COPY-IT-RIGHT! Selections from The Phil Morton Memorial Research Archive

COPY-IT-RIGHT Selections from the Phil Morton Memorial Research Archive (intro)

On February 15 2007 the Phil Morton Memorial Research Archive; Film, Video & New Media Department; Video Data Bank and the Gene Siskel Film Center at the School of the Art Institute of Chicago presented “COPY-IT-RIGHT! Selections from The Phil Morton Memorial Research Archive”. The program included excerpts from Morton’s “General Motors” and the complete works of “Program # 9 (Amateur TV)” by Morton and Jane Veeder and “SAIC Memo” by Morton. This introduction features Amy Beste and jonCates introducing the evening’s screening program.

15
Jun
08

We are all star stuff – Lenka Dolonova (2007)

EVE II

“We are all star stuff” – Lenka Dolonova (2007) Umelec international 1/2007

In 2007 Lenka Dolanová wrote an article for Umelec international on the early Chicago Video Art community including information on Phil Morton. Dolanová is a Prague-based curator, free-lance art critic and scholar. Dolanová was a Fulbright researcher-in-residence at the School of the Art Institute of Chicago and the first scholar to use the Phil Morton Memorial Research Archive. She is interested mainly in the various aspects of the avant-garde of electronic arts.

15
Jun
08

The Distribution Religion – Dan Sandin and Phil Morton (1971 – 1973)

Distribution Religion

The Distribution Religion – Dan Sandin and Phil Morton (1971 – 1973)

Phil Morton asked Dan Sandin if he could build the first copy of Sandin’s original Sandin Image Processor. Sandin and Morton then began to work together to create the schematic plans for the Sandin Image Processor, a document they called the Distribution Religion. Through The Distribution Religion, Sandin open sourced his Sandin Image Processor, giving the plans away for only the cost of making Xerox copies and mailing them while incorporating any additions or modifications made by those who built their own Sandin Image Processor into any further releases of the Distribution Religion.

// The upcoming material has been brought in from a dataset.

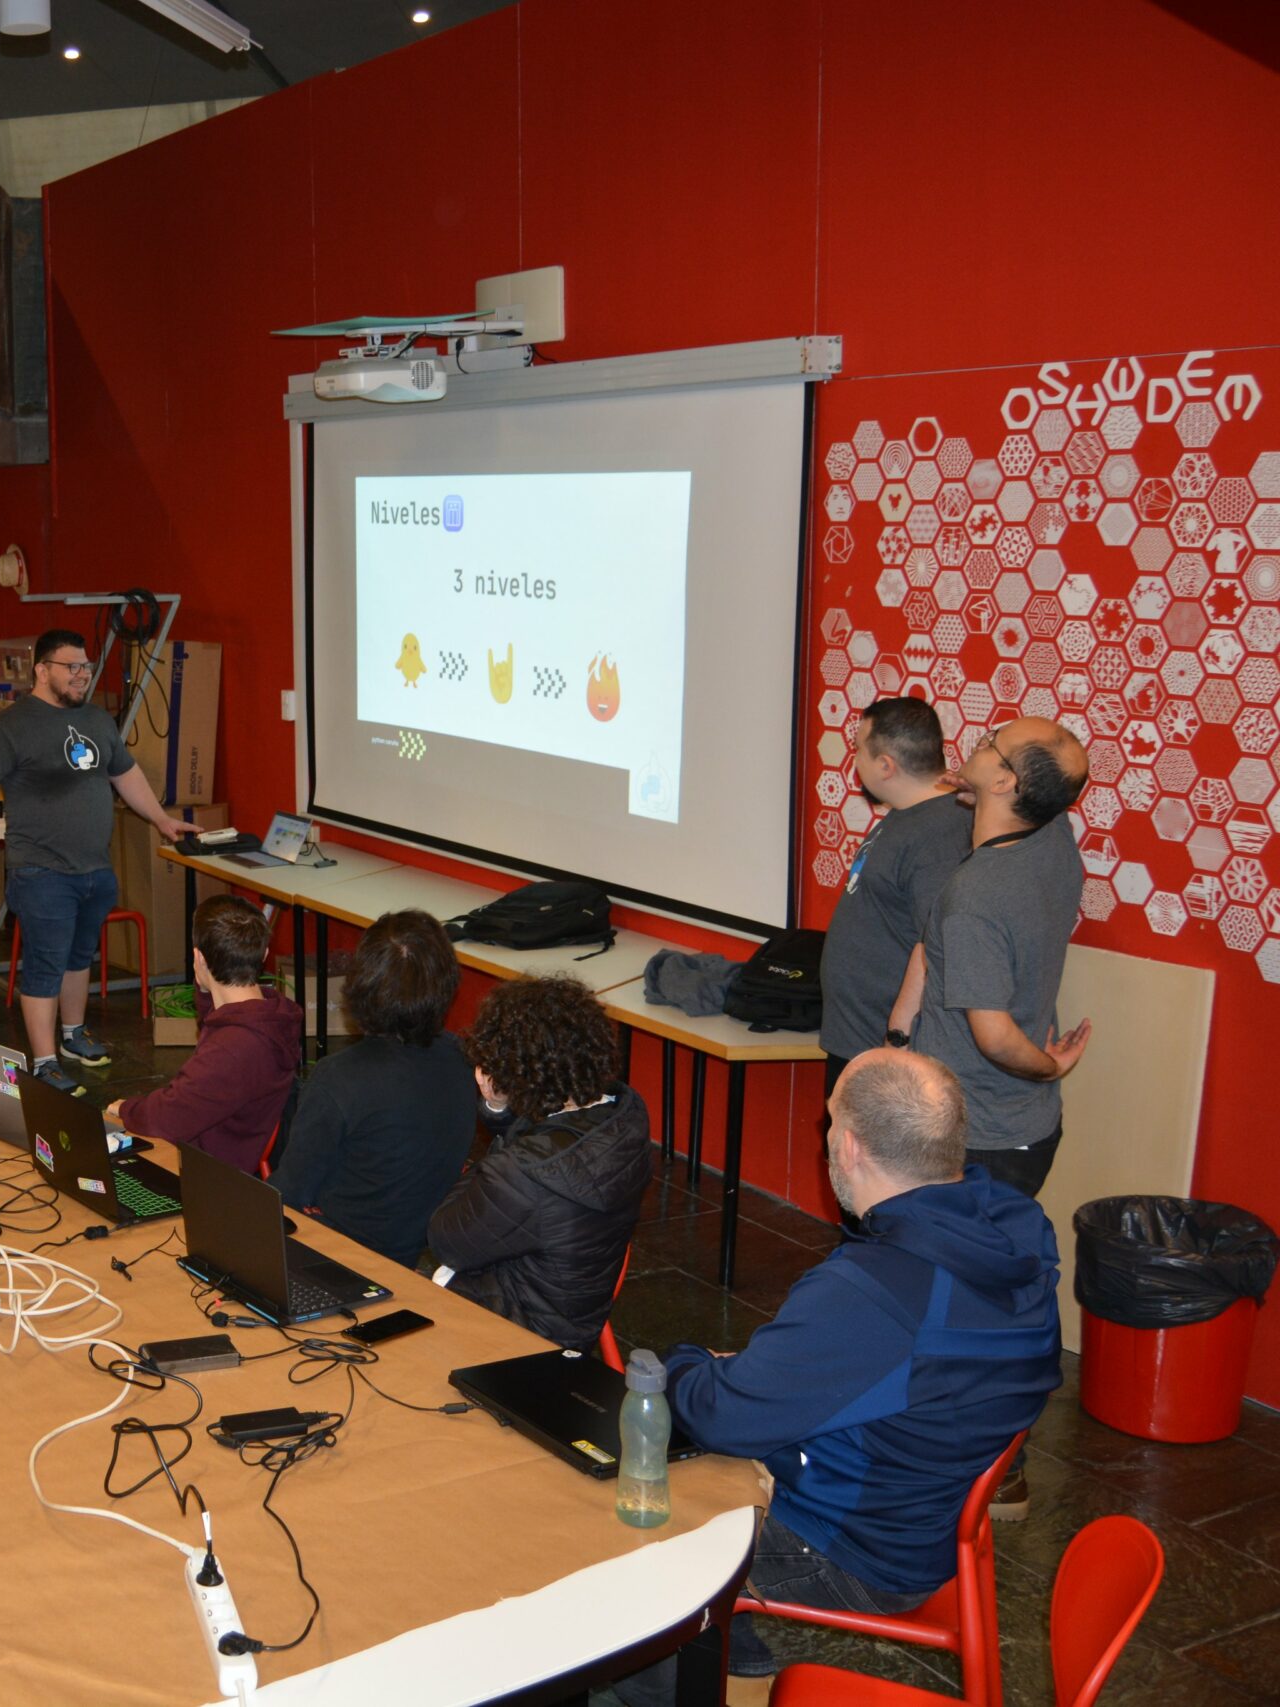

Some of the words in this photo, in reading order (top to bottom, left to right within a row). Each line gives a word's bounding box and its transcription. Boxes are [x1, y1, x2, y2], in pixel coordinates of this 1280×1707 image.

In 2005 Chicago-based criticalartware group (of which i am a founding member and core.developer) released an archive of the Distribution Religion, converting the documents to digital formats and distributing them freely online as shared cultural resources in order to encourage and activate the present and futures of these Media Art Hystories. – jonCates

13
Jun
08

The Phil Morton Memorial Research Archive

Phil Morton developed the COPY-IT-RIGHT ethic, an anti-copyright approach to making and freely sharing Media Art. The Phil Morton Memorial Research Archive (located in The Film, Video & New Media Department at the School of the Art Institute of Chicago) seeks to coordinate and freely distribute Phil Morton’s Media Art work and associated research under Morton’s COPY-IT-RIGHT license. jonCates initiated the Phil Morton Memorial Research Archive in 2007 after receiving a generous donation of Phil Morton’s personal video archive/database from Morton’s surviving partner Barb Abramo.

04
Jun
08

Phil Morton (1945 – 2003)

Influential Video Artist and activist Phil Morton (1945 – 2003) founded the Video Area in 1970 at the School of the Art Institute of Chicago where he taught from 1969 – 1981/82. The Video Area was the first department in the United States to offer a BA and MFA degree in Video Art. The Video Area eventually became the Video Department, which later became part of the Film, Video & New Media Department. Phil Morton also founded The Video Data Bank, one of the world’s leading collections of Video Art.